Yes, and that's more obviously a bug that we can fix.
> Even ignoring that, demanding -NDEBUG is backwards in so many ways:
>
> Using C's features like <assert.h> is not the user's job, it's
> OpenLDAP's (i.e. configure and portable.hin). The person building
> OpenLDAP might not even be a C programmer who knows about the C
> language quirk that it has a feature makes errors crash by default.
It is standard practice in C code. assert() and NDEBUG are part of the C
standard. A person who doesn't know C has no business building the code.
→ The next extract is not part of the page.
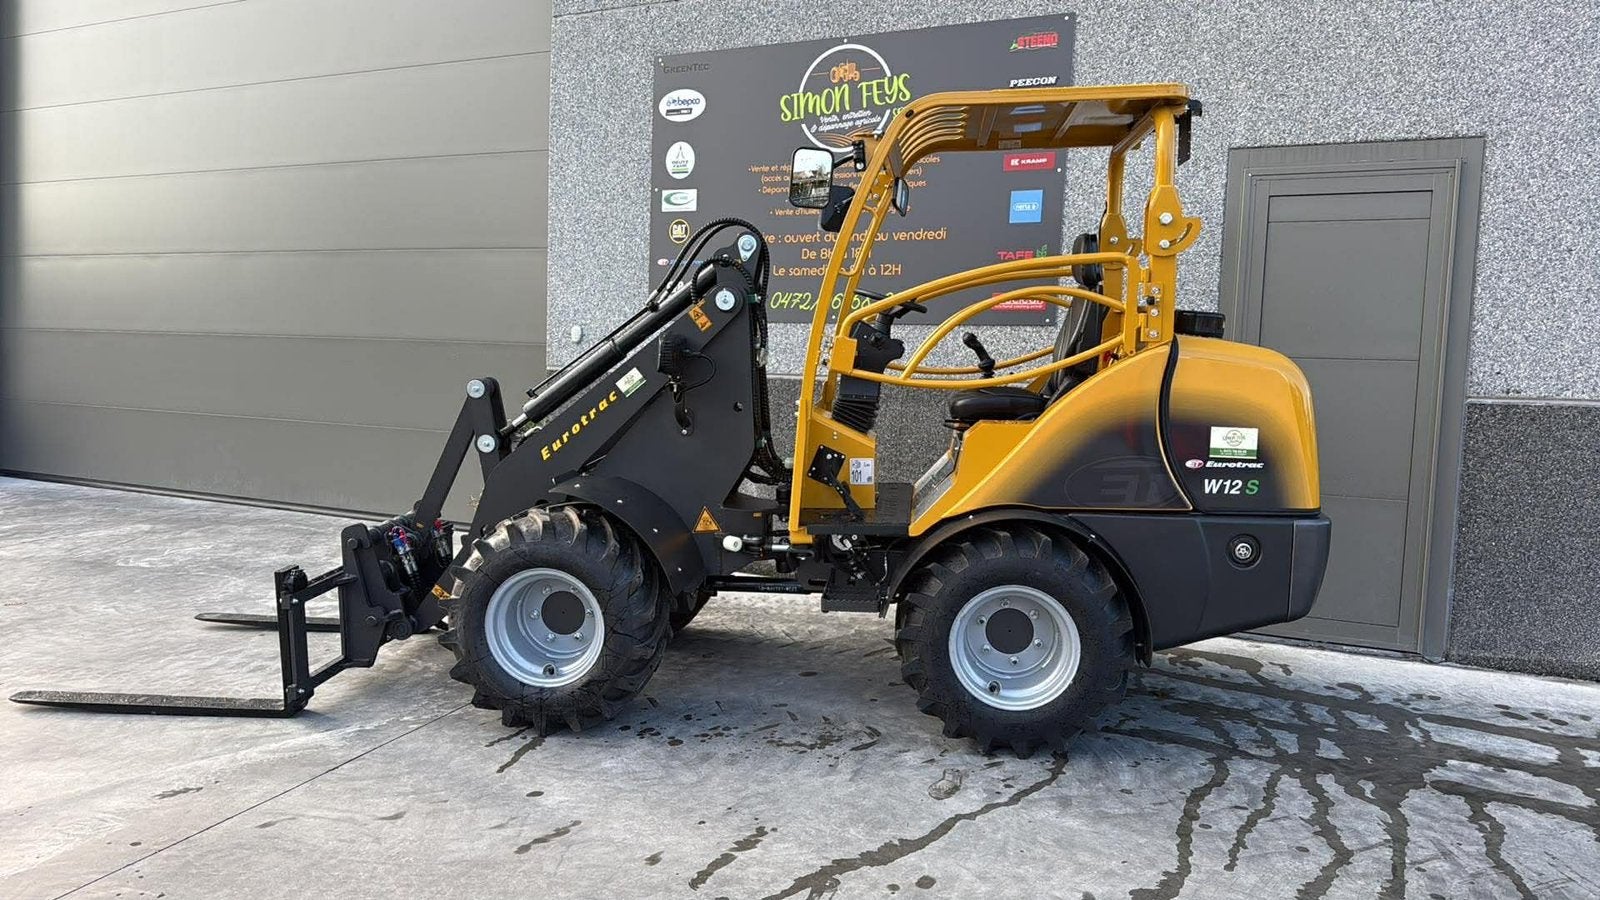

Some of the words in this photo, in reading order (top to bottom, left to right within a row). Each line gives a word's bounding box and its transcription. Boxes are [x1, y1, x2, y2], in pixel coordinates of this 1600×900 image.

Certainly the libraries are of no use to them if they're not C programmers
already.
> A simple "./configure --prefix=/whatever" ought to be a reasonable way
> to build OpenLDAP, like with most other packages. There are
> installation instructions and they do not mention NDEBUG.
>
> In particular since this isn't even about catching a bug in OpenLDAP,
> but in the input. If someone wants to crash-debug the input to slapd,
> let him #define something when building slapd. You could replace the
> assert() with debug_assert() or something. The same goes for any
> other assert which doesn't mean "assert(the code is correct)".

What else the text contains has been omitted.